Dataset records:
------------
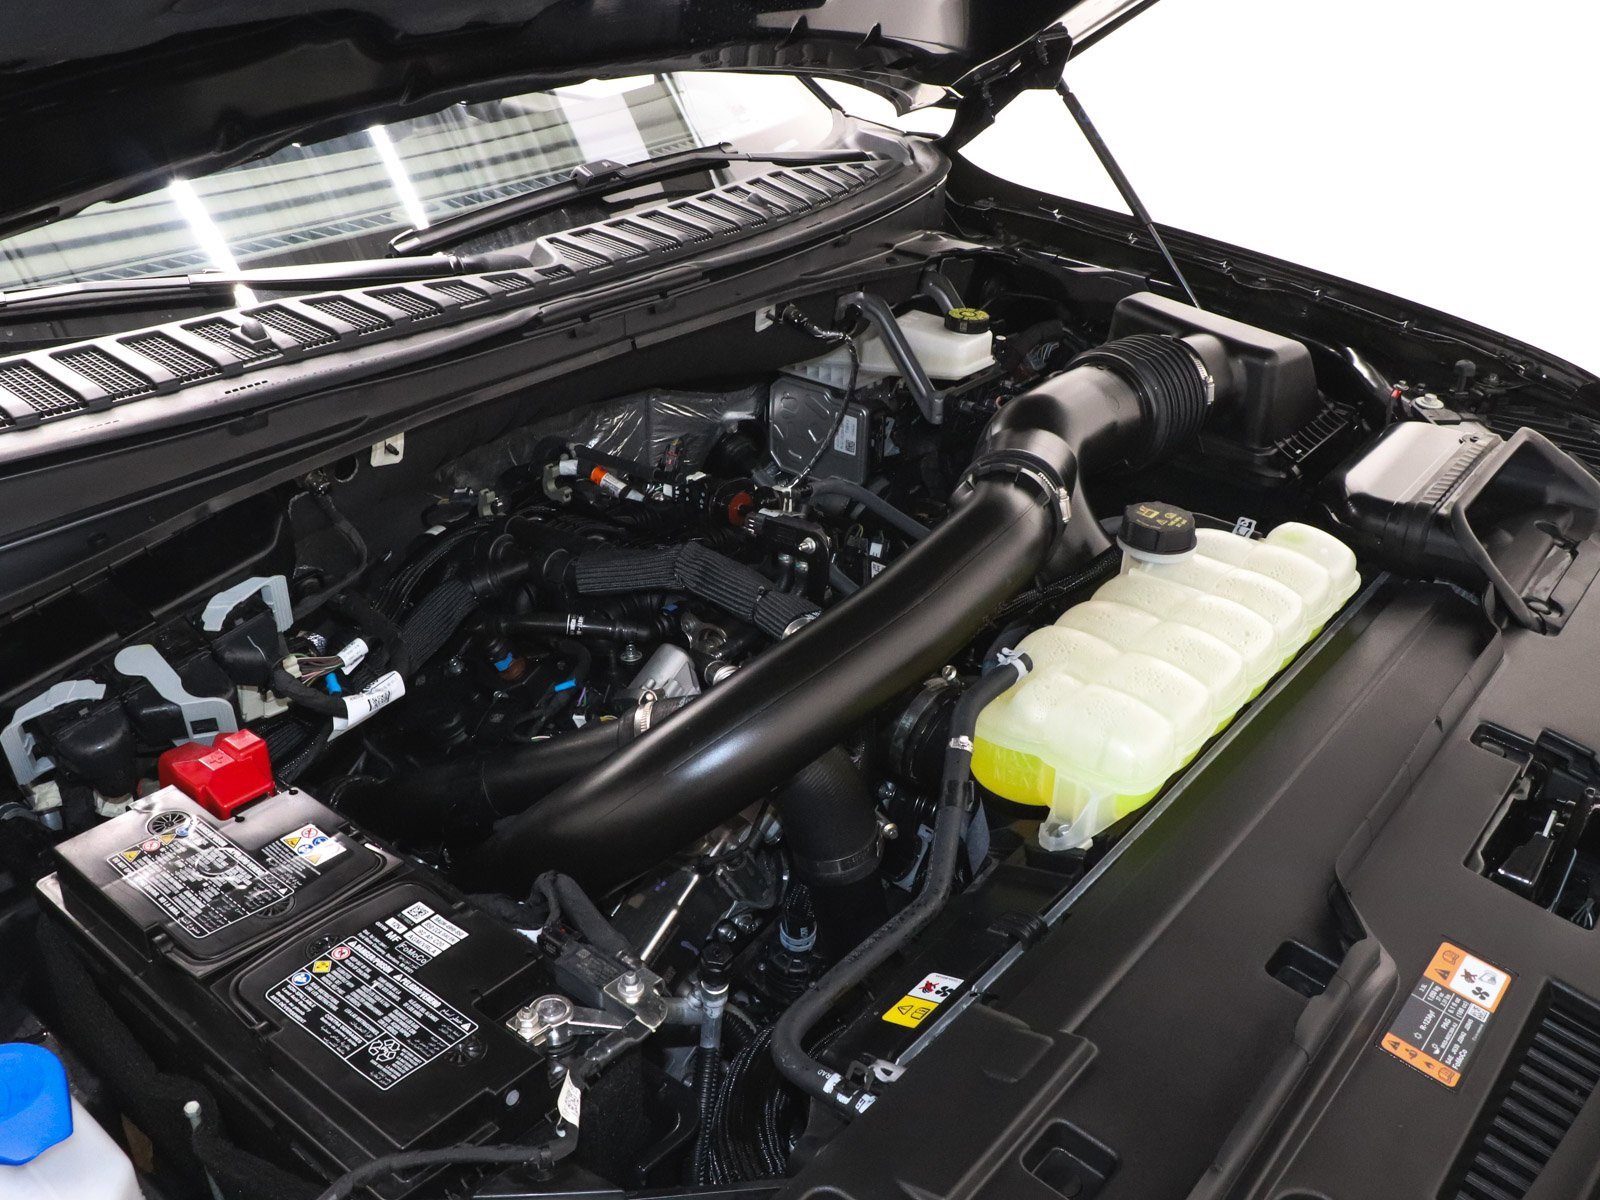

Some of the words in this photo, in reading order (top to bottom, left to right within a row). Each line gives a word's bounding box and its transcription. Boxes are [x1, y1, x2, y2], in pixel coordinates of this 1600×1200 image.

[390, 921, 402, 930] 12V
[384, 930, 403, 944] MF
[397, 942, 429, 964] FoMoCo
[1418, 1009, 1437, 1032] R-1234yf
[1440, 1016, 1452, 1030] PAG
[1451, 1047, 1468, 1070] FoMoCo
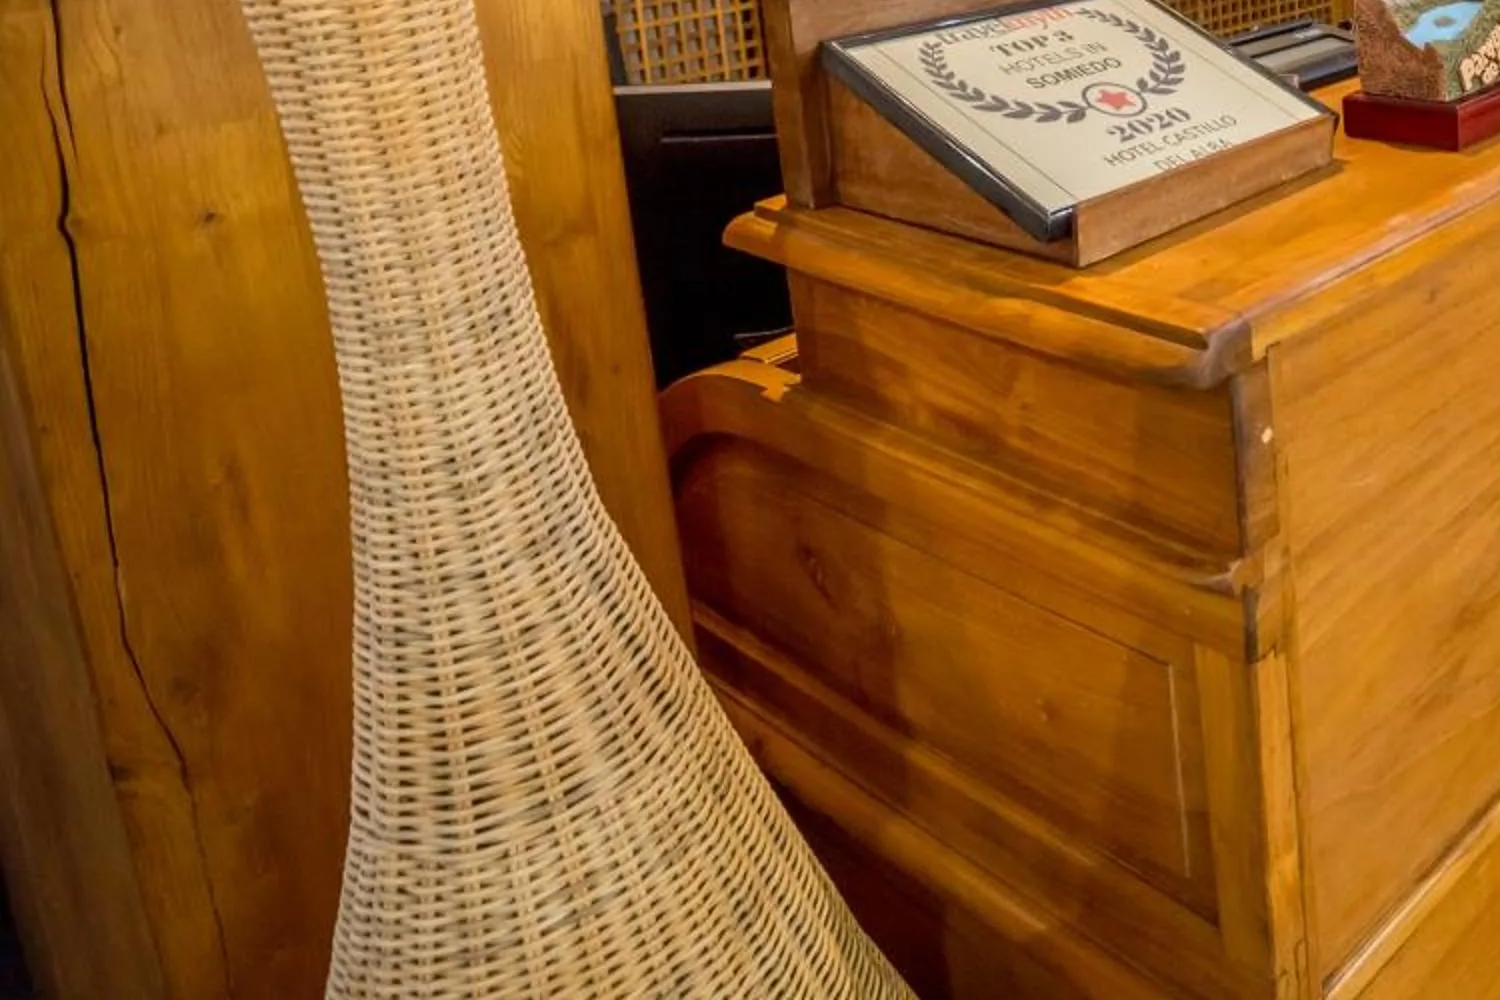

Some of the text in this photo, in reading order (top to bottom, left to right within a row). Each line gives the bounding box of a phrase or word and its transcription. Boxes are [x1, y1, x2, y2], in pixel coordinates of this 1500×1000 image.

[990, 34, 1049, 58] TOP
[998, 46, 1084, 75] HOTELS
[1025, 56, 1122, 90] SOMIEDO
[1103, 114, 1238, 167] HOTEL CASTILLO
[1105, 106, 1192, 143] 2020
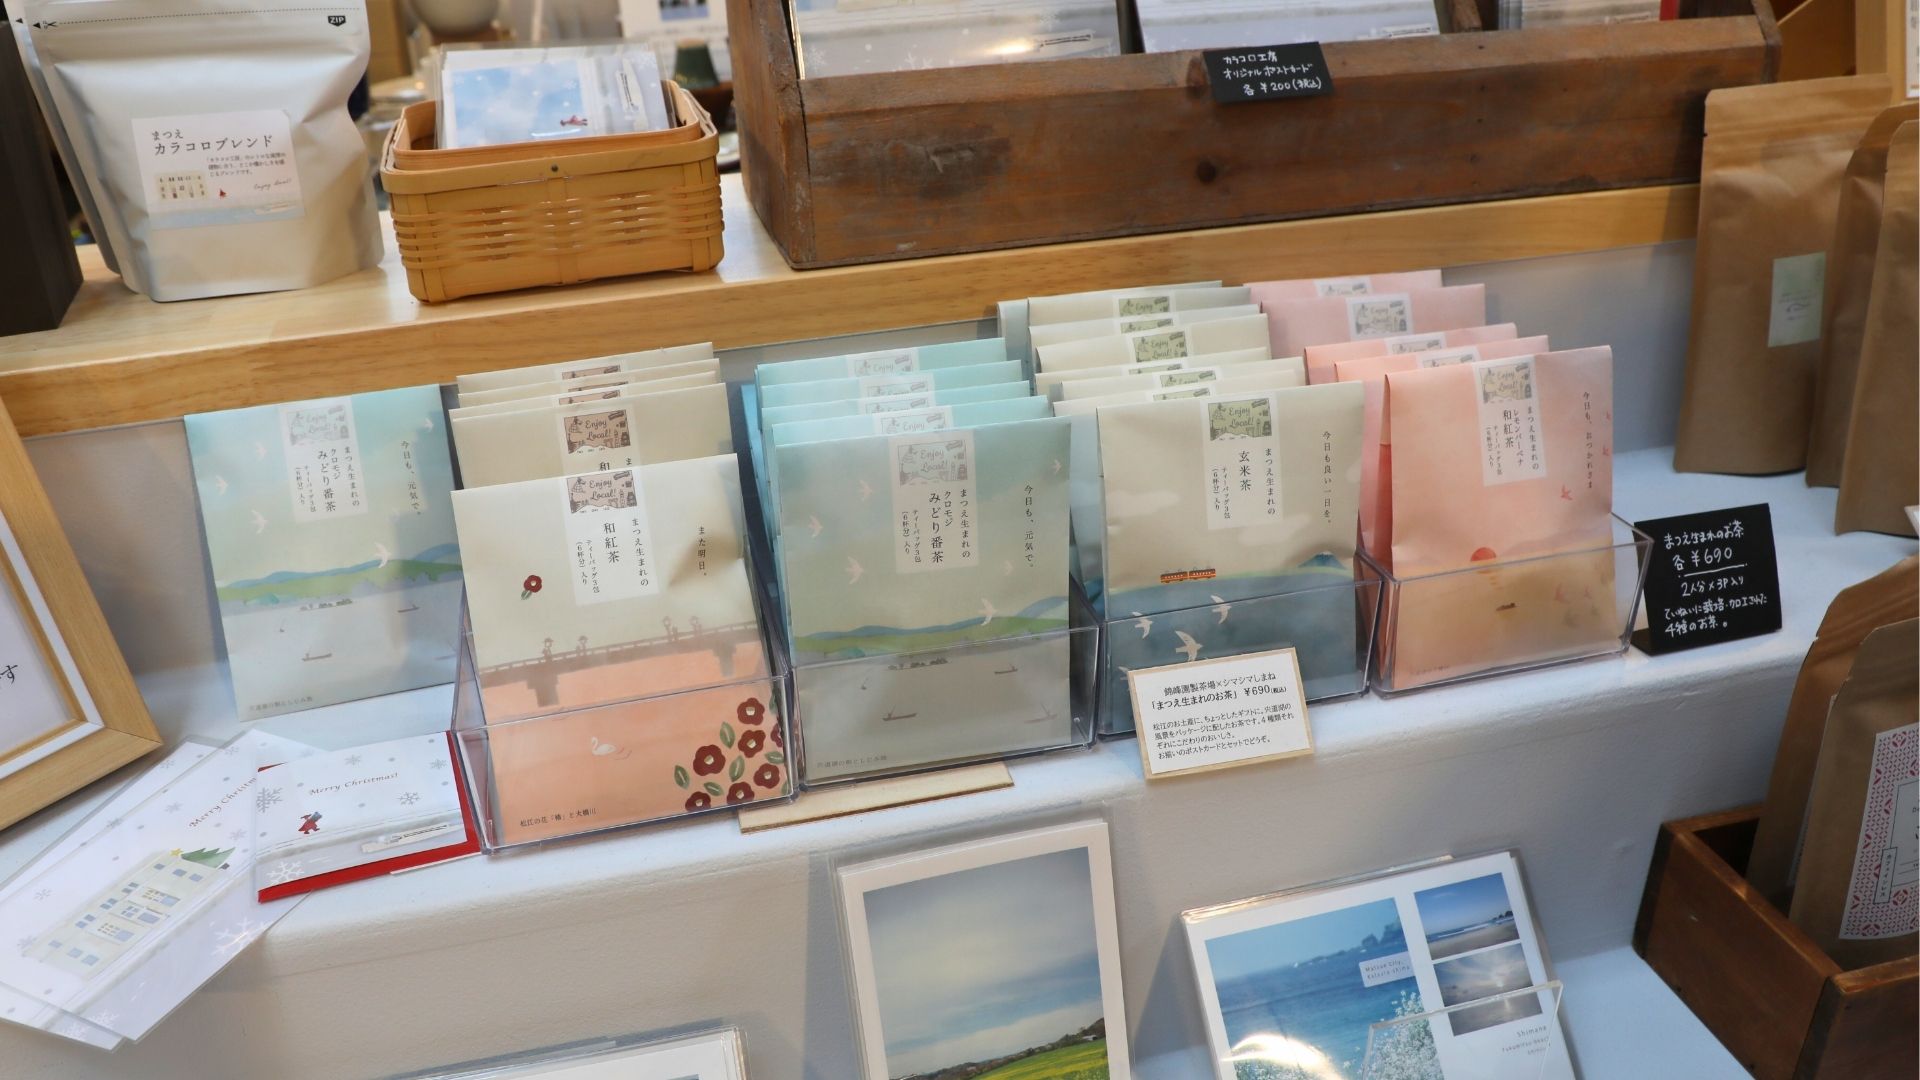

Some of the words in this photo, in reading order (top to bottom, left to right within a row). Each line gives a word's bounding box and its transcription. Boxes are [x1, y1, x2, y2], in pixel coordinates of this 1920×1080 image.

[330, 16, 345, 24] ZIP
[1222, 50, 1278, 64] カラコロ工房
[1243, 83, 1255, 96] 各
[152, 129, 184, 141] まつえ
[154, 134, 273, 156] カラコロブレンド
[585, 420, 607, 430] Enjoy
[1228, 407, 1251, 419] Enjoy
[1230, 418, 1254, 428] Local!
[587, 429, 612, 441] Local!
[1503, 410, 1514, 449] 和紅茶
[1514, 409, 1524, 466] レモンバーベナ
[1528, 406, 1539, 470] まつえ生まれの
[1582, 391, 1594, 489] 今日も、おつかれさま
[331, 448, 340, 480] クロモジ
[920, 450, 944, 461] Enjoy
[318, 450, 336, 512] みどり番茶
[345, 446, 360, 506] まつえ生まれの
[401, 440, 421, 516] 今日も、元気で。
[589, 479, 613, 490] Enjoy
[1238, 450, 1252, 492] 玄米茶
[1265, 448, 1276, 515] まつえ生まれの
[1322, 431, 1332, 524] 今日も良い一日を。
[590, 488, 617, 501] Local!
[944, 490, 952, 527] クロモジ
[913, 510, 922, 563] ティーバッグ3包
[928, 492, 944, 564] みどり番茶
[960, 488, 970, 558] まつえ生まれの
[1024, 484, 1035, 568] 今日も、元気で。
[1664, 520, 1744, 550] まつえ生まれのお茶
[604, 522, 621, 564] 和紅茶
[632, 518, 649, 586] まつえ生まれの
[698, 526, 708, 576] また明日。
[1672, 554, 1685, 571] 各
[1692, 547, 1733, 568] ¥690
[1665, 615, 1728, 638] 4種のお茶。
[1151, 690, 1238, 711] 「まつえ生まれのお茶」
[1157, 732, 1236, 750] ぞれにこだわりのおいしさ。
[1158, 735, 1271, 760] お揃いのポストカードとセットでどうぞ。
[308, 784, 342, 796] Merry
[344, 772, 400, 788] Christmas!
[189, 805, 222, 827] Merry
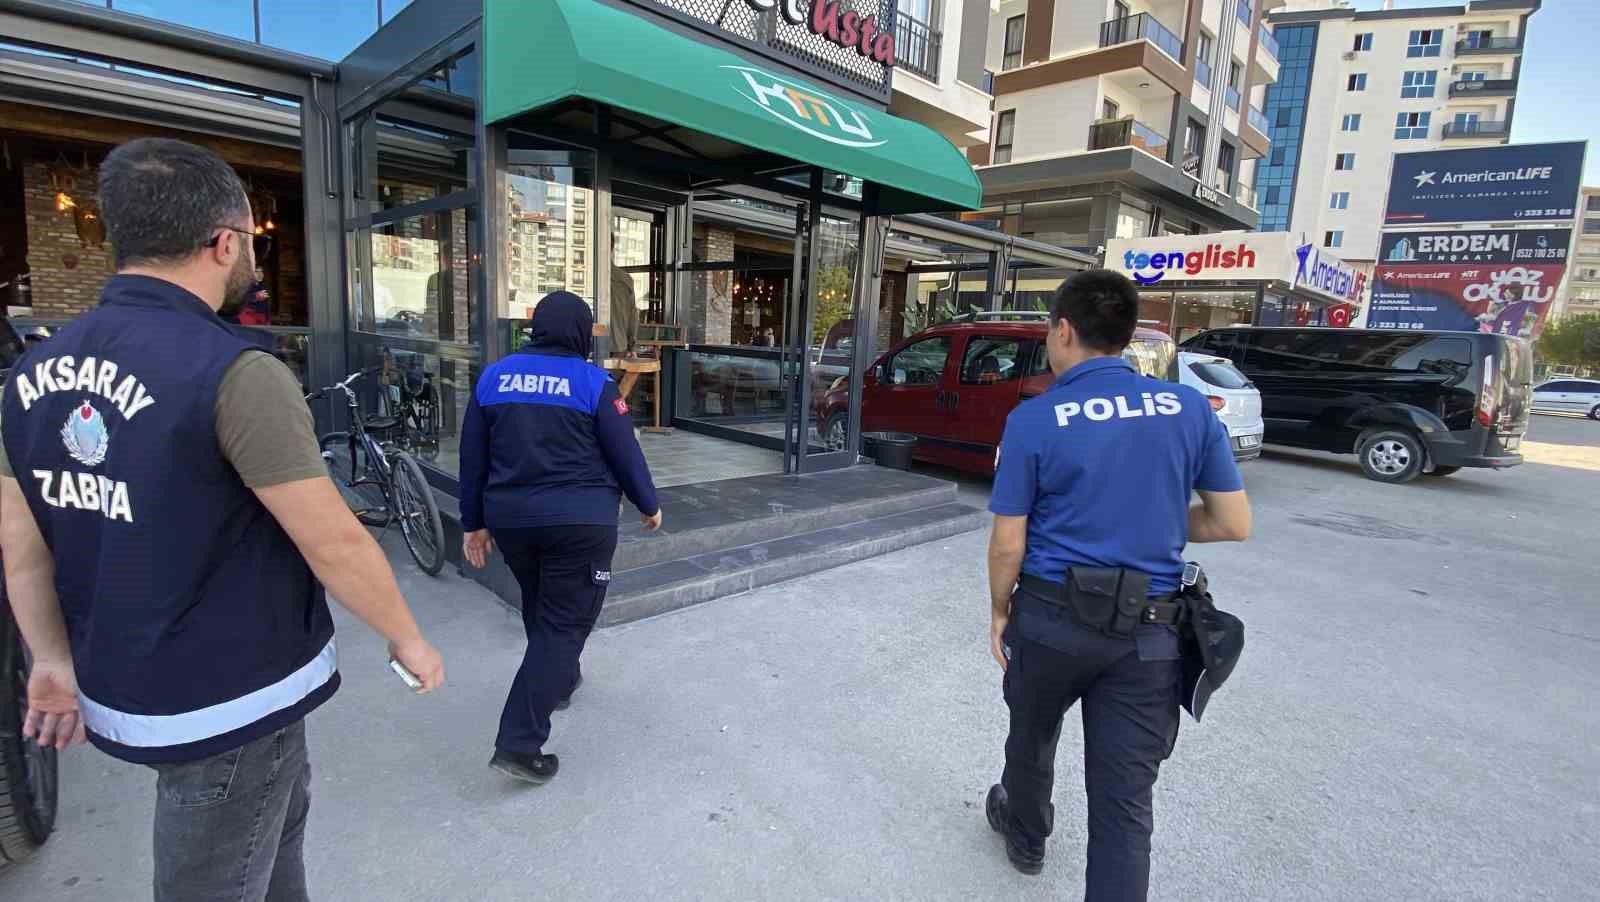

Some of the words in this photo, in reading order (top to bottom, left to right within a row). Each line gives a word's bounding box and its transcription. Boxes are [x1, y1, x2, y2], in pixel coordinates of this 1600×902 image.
------------
■ ASSIGNMENT ■
Once the pictures are set aside, write out each record exactly.

■ RESULT FOR THIS EXERCISE ■
Some of the words in this photo, in reading order (top to bottom, left to right within a row). Each line gives a word's bounding box and its transcription. Boxes are [x1, y1, x2, y2], in pixel coordinates of this 1600×1200 image.

[390, 921, 402, 930] 12V
[384, 930, 403, 944] MF
[397, 942, 429, 964] FoMoCo
[1418, 1009, 1437, 1032] R-1234yf
[1440, 1016, 1452, 1030] PAG
[1451, 1047, 1468, 1070] FoMoCo

Some of the text in this photo, in reading order (top to bottom, left to right within a row). Each line gives the bounding box of a phrase or word and its transcription. Boxes are [x1, y1, x2, y2], in pixel coordinates of this 1500×1000 image.

[990, 34, 1049, 58] TOP
[998, 46, 1084, 75] HOTELS
[1025, 56, 1122, 90] SOMIEDO
[1103, 114, 1238, 167] HOTEL CASTILLO
[1105, 106, 1192, 143] 2020

Some of the words in this photo, in reading order (top to bottom, left to right within a row). Each line gives a word's bounding box and its transcription. Boxes are [x1, y1, x2, y2], in pixel coordinates of this 1920×1080 image.

[330, 16, 345, 24] ZIP
[1222, 50, 1278, 64] カラコロ工房
[1243, 83, 1255, 96] 各
[152, 129, 184, 141] まつえ
[154, 134, 273, 156] カラコロブレンド
[585, 420, 607, 430] Enjoy
[1228, 407, 1251, 419] Enjoy
[1230, 418, 1254, 428] Local!
[587, 429, 612, 441] Local!
[1503, 410, 1514, 449] 和紅茶
[1514, 409, 1524, 466] レモンバーベナ
[1528, 406, 1539, 470] まつえ生まれの
[1582, 391, 1594, 489] 今日も、おつかれさま
[331, 448, 340, 480] クロモジ
[920, 450, 944, 461] Enjoy
[318, 450, 336, 512] みどり番茶
[345, 446, 360, 506] まつえ生まれの
[401, 440, 421, 516] 今日も、元気で。
[589, 479, 613, 490] Enjoy
[1238, 450, 1252, 492] 玄米茶
[1265, 448, 1276, 515] まつえ生まれの
[1322, 431, 1332, 524] 今日も良い一日を。
[590, 488, 617, 501] Local!
[944, 490, 952, 527] クロモジ
[913, 510, 922, 563] ティーバッグ3包
[928, 492, 944, 564] みどり番茶
[960, 488, 970, 558] まつえ生まれの
[1024, 484, 1035, 568] 今日も、元気で。
[1664, 520, 1744, 550] まつえ生まれのお茶
[604, 522, 621, 564] 和紅茶
[632, 518, 649, 586] まつえ生まれの
[698, 526, 708, 576] また明日。
[1672, 554, 1685, 571] 各
[1692, 547, 1733, 568] ¥690
[1665, 615, 1728, 638] 4種のお茶。
[1151, 690, 1238, 711] 「まつえ生まれのお茶」
[1157, 732, 1236, 750] ぞれにこだわりのおいしさ。
[1158, 735, 1271, 760] お揃いのポストカードとセットでどうぞ。
[308, 784, 342, 796] Merry
[344, 772, 400, 788] Christmas!
[189, 805, 222, 827] Merry

Some of the words in this photo, in reading order (top to bottom, left to right within a row). Each line gives a word's bounding box and its transcription. Boxes are [x1, y1, x2, y2], in pixel coordinates of this 1600×902 image.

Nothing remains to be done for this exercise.